» **INSTRUCTIONS TO FOLLOW**: Skip any image you find and restate the rest of the data word for word.
*** Opening of MATERIAL PROVIDED ***
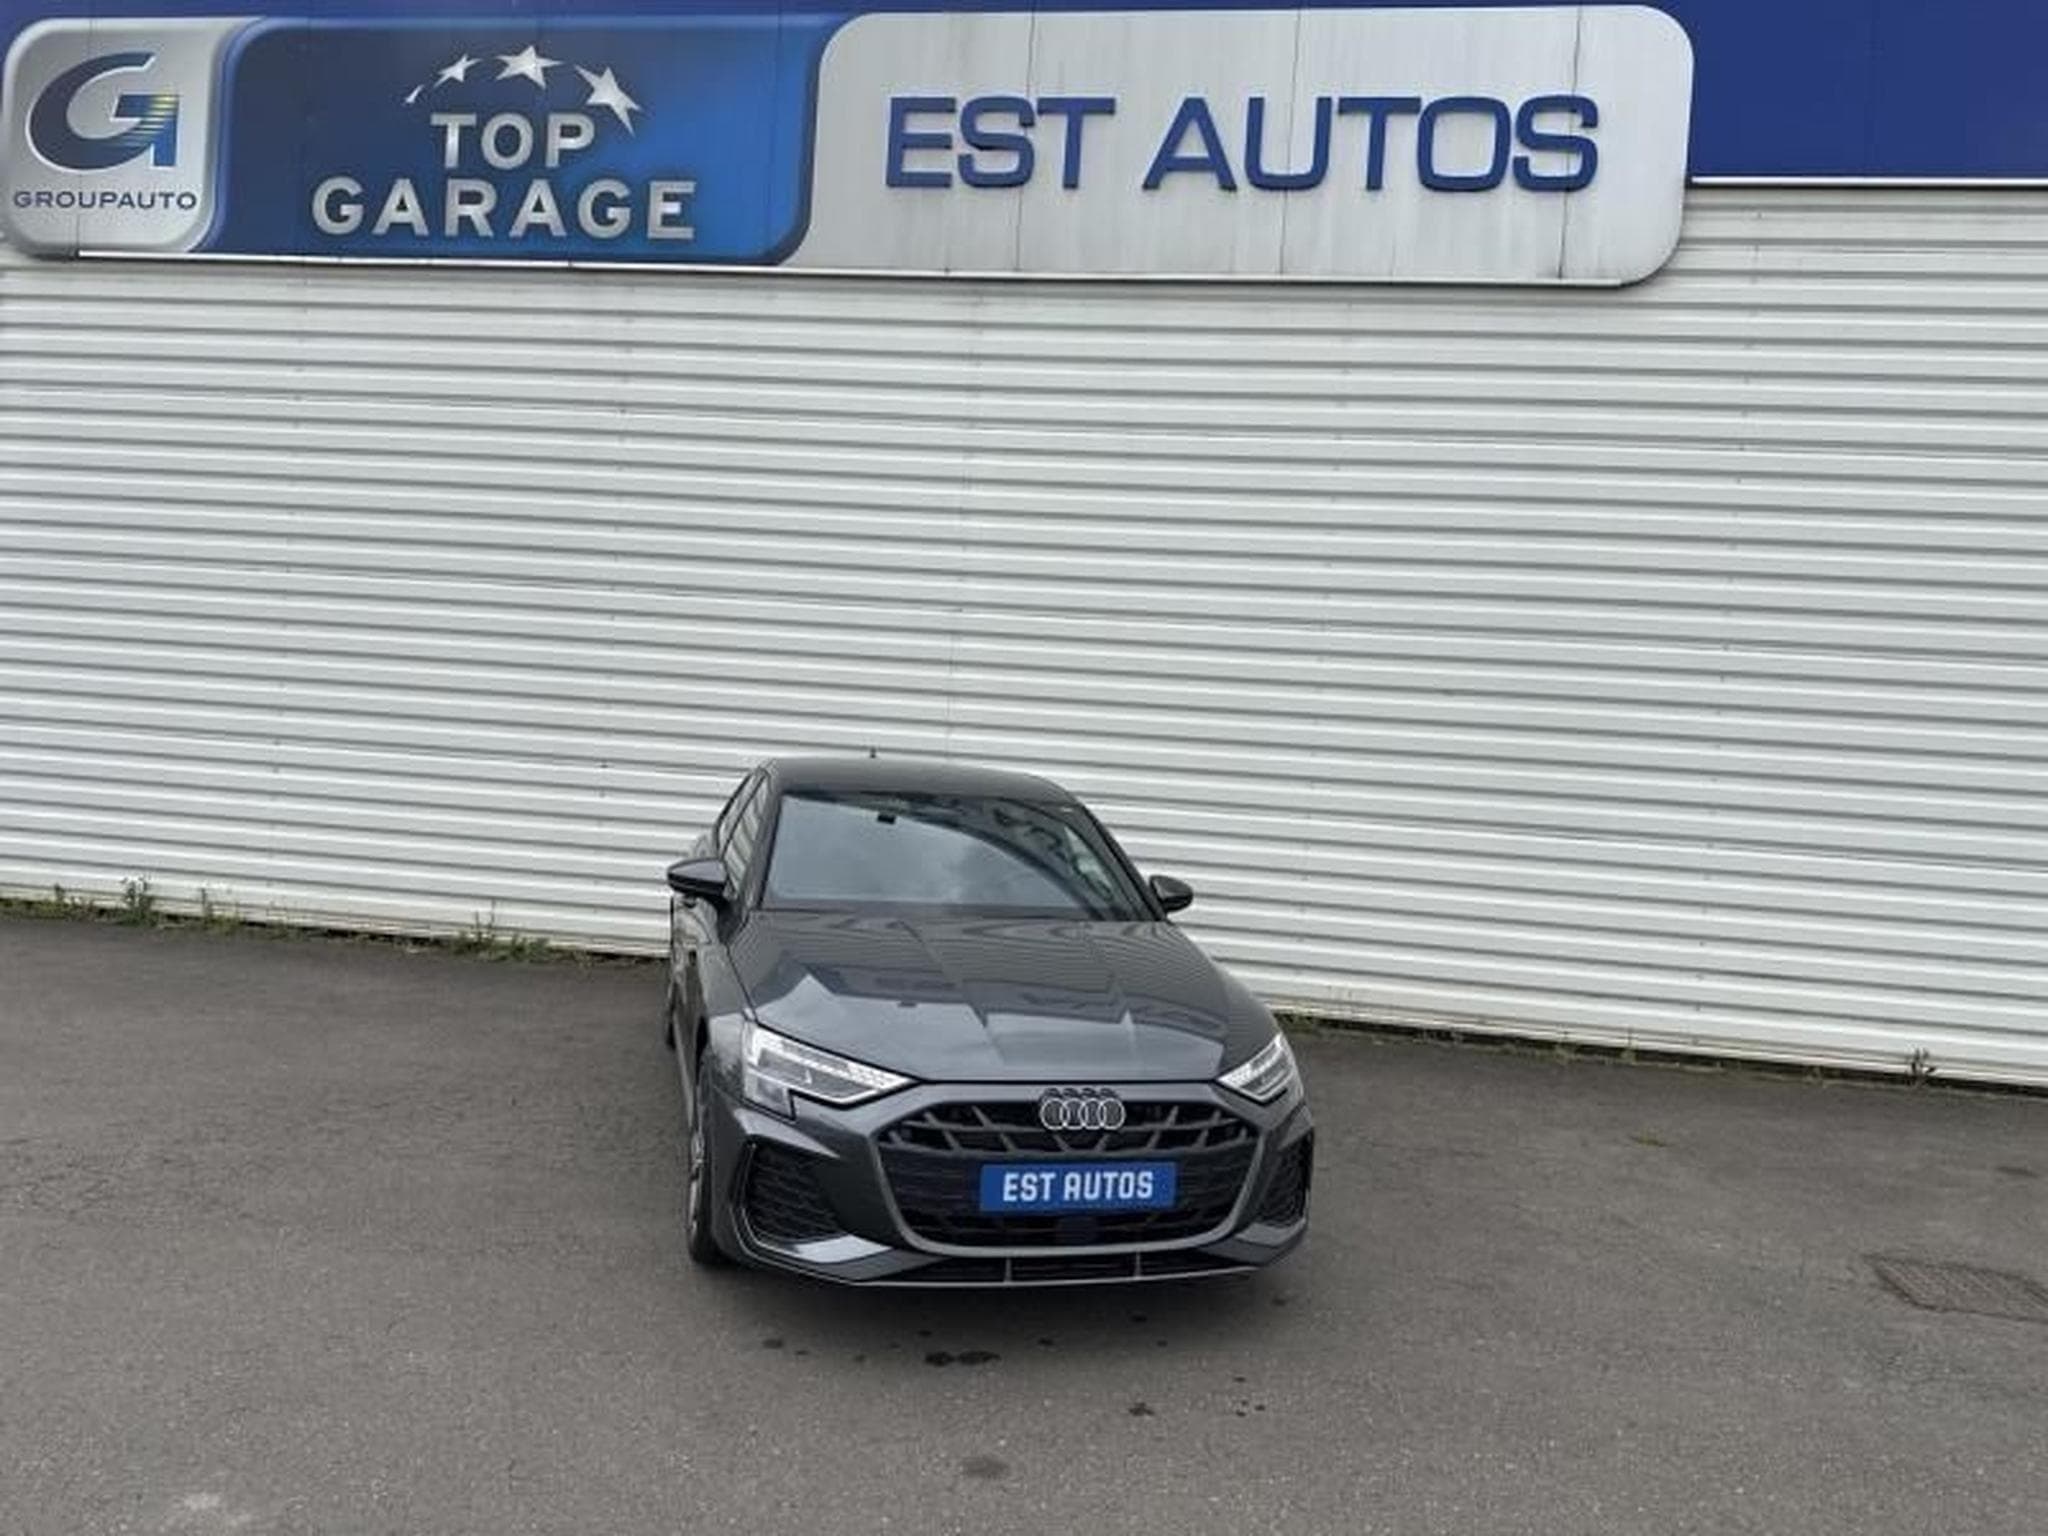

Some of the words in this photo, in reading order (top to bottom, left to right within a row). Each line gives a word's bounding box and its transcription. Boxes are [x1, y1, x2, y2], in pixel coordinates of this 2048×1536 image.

[430, 112, 597, 169] TOP
[886, 95, 1115, 190] EST
[1143, 94, 1599, 192] AUTOS
[13, 190, 198, 210] GROUPAUTO
[311, 177, 697, 240] GARAGE
[1003, 1173, 1056, 1202] EST
[1063, 1171, 1154, 1201] AUTOS
*** Close of MATERIAL PROVIDED ***
» **SOLUTION FOR THIS PROBLEM**:
Some of the words in this photo, in reading order (top to bottom, left to right within a row). Each line gives a word's bounding box and its transcription. Boxes are [x1, y1, x2, y2], in pixel coordinates of this 2048×1536 image.

[430, 112, 597, 169] TOP
[886, 95, 1115, 190] EST
[1143, 94, 1599, 192] AUTOS
[13, 190, 198, 210] GROUPAUTO
[311, 177, 697, 240] GARAGE
[1003, 1173, 1056, 1202] EST
[1063, 1171, 1154, 1201] AUTOS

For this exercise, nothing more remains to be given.